The look was both fun and ironic at Dsquared2, who reworked the lingerie camisole set and lace-trimmed underwear for the boys – tapping into the emergence of brands catering to men who desire a more delicate take on their ‘delicates’ – or diving into all thing Y2K, as both Ludovic de Saint Sernin and Jordanluca encouraged their customers to experiment with the sheer bodycon dress, the latter even applying the ubiquitous butterfly motif for good measure.

Meeting the needs of the man who is desperate to get dressed-up again, fluidity ascended to a new level of sophisticated statement dressing for the Fall season. At Saint Laurent Anthony Vaccarello cleared the path for a ridding of the ‘His and Hers’ pronouns and presented a collection that only spoke to the sensibility of good design. Whether worn on a form which traditionally favours the male or female of the species, Vaccarellos long, languid layers, glossy surfaces, and naval-grazing tops take the idea of gender fluidity to another plain. Dripping in a decadence that money can’t buy, seen at his women’s show in September, there was a sense of diving head-first into a different way of dressing and furthering the conversation around what fluidity will evolve into, in the future.

Dropping the Ball on Diversity

A sticking point for the men’s runways seems to be the continued lack of any inclusivity from a size perspective. The casting of male models still relies heavily on the pre-pubescent waif aesthetic, or the buff muscleman. 

The amplification (or objectification) of the male form was even more heightened this season as the bare chest made an appearance under coats at Marine Serre and at Prada where shirts were reduced to mere collars, extremely low necklines were seen at Gucci, it was a case of ‘Look ma! No top’ at Dolce and Gabbana, while a game of peek-a-boo at Dior Men, Fendi and Dries Van Noten involved sheer knits and chiffons, and at Ludvovic de Saint Sernin and JW Anderson the most minimal amount of clothing that modesty laws would allow were the order of the day. 


The men’s collections proved once again that the ‘Body Beautiful’ was only descriptive of one type of body. But among the sea of sameness were a few standouts, coming once again from the emerging talent who are disrupting the status quo by giving a voice to all who represent their brand community, and their customers. KidSuper, who gathered a cast of real people in the form of comedians to wear his Fall collection, LGN Louis Gabriel Nouchi whose casting choices were applauded and not simply because of the coup of getting Emily in Paris star Lucas Bravo and The White Lotus’s Stefano Gianino, and Doublet.

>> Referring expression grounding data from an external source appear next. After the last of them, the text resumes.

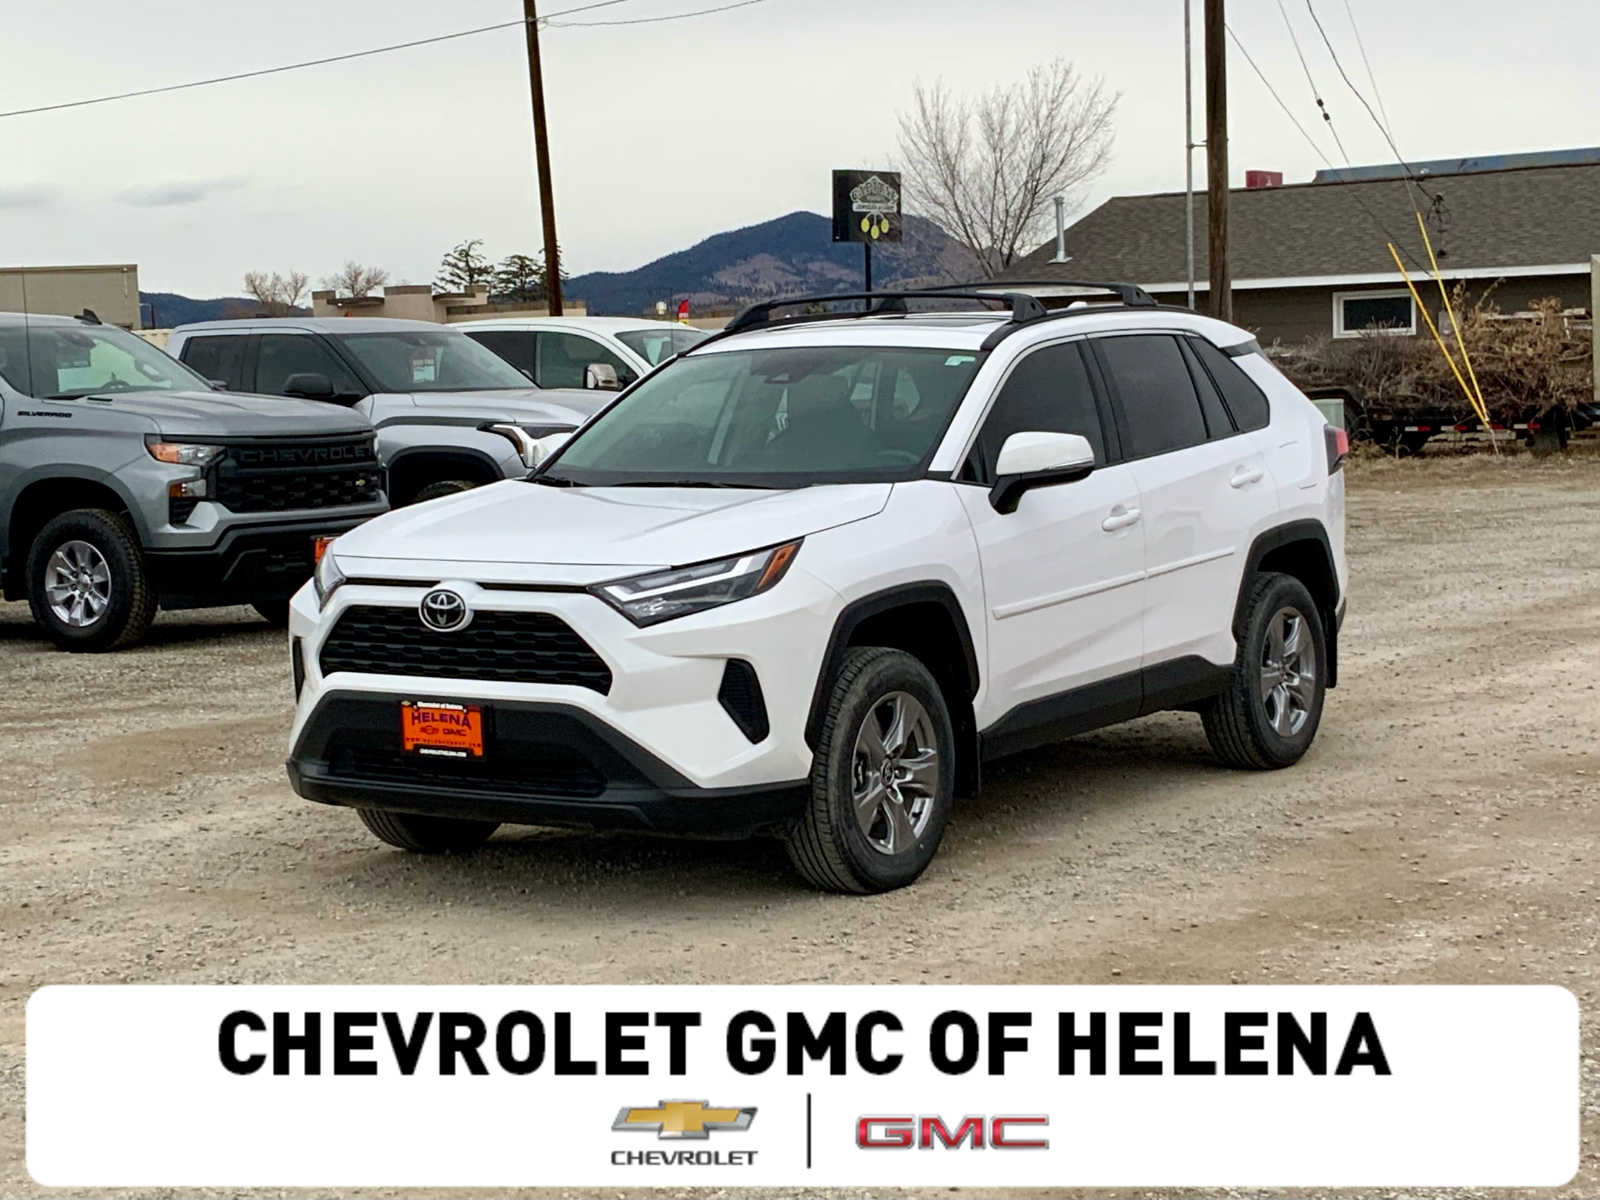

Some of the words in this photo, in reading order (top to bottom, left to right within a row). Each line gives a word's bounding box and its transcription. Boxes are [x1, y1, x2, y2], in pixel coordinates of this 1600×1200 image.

[17, 410, 73, 418] SILVERADO
[240, 444, 373, 462] CHEVROLET
[412, 712, 472, 731] HELENA
[443, 728, 467, 737] GMC
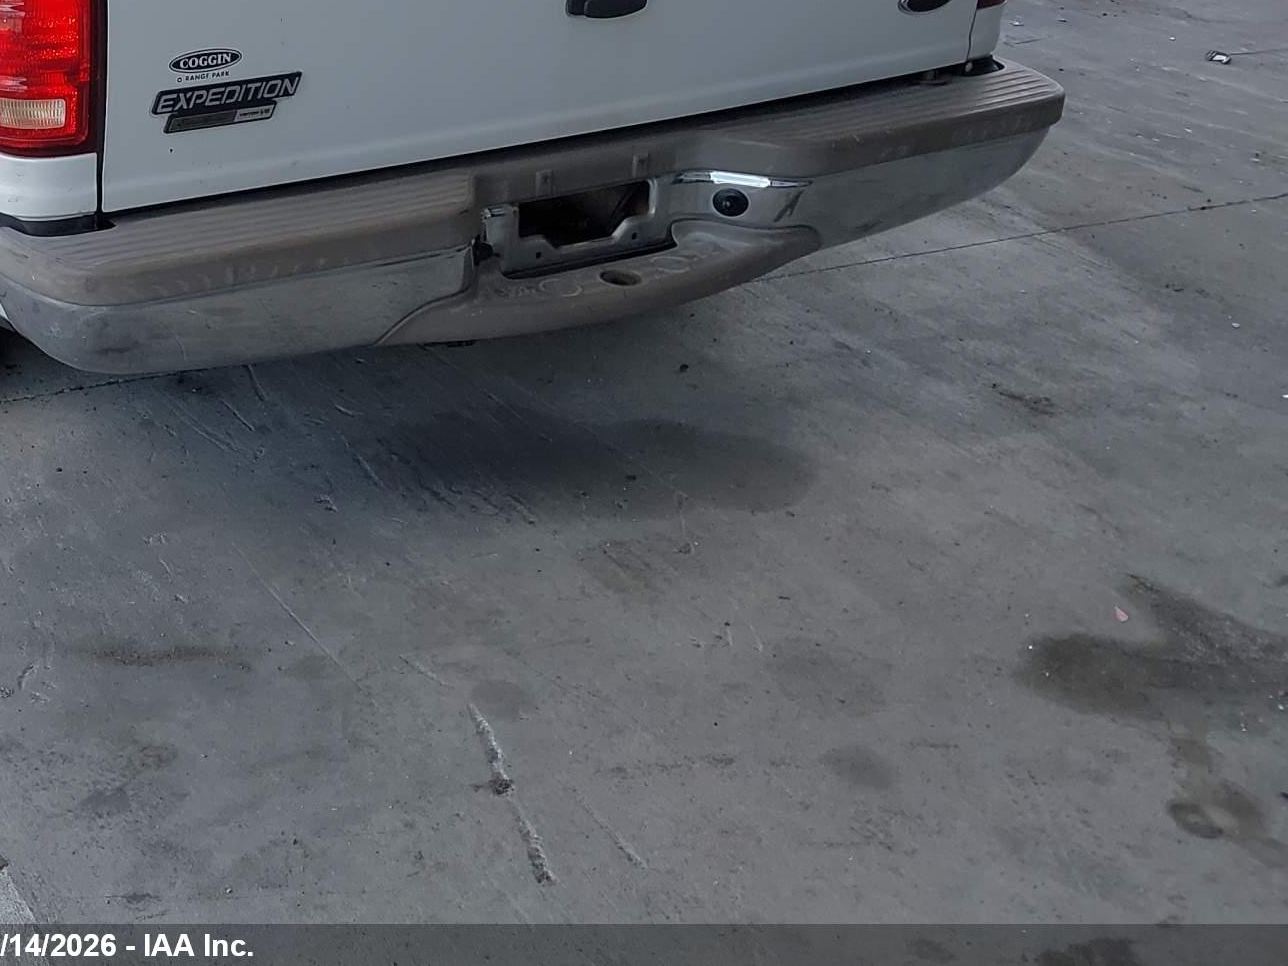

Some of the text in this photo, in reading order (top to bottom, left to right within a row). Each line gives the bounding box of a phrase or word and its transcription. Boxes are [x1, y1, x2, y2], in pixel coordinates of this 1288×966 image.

[179, 53, 232, 69] COGGIN
[211, 70, 230, 79] PARK
[156, 76, 300, 113] EXPEDITION

It is an anomaly as to why menswear designers, and especially those designers who develop both men’s and women’s collection – and have made strides to be inclusive of all body shapes in their women’s shows – haven’t recognised the value in meeting the needs of this under-served market, who also wish to see themselves in a belted tailored coat, cropped blazer, matching leather trouser set, and yes, even a chainmail mini skirt.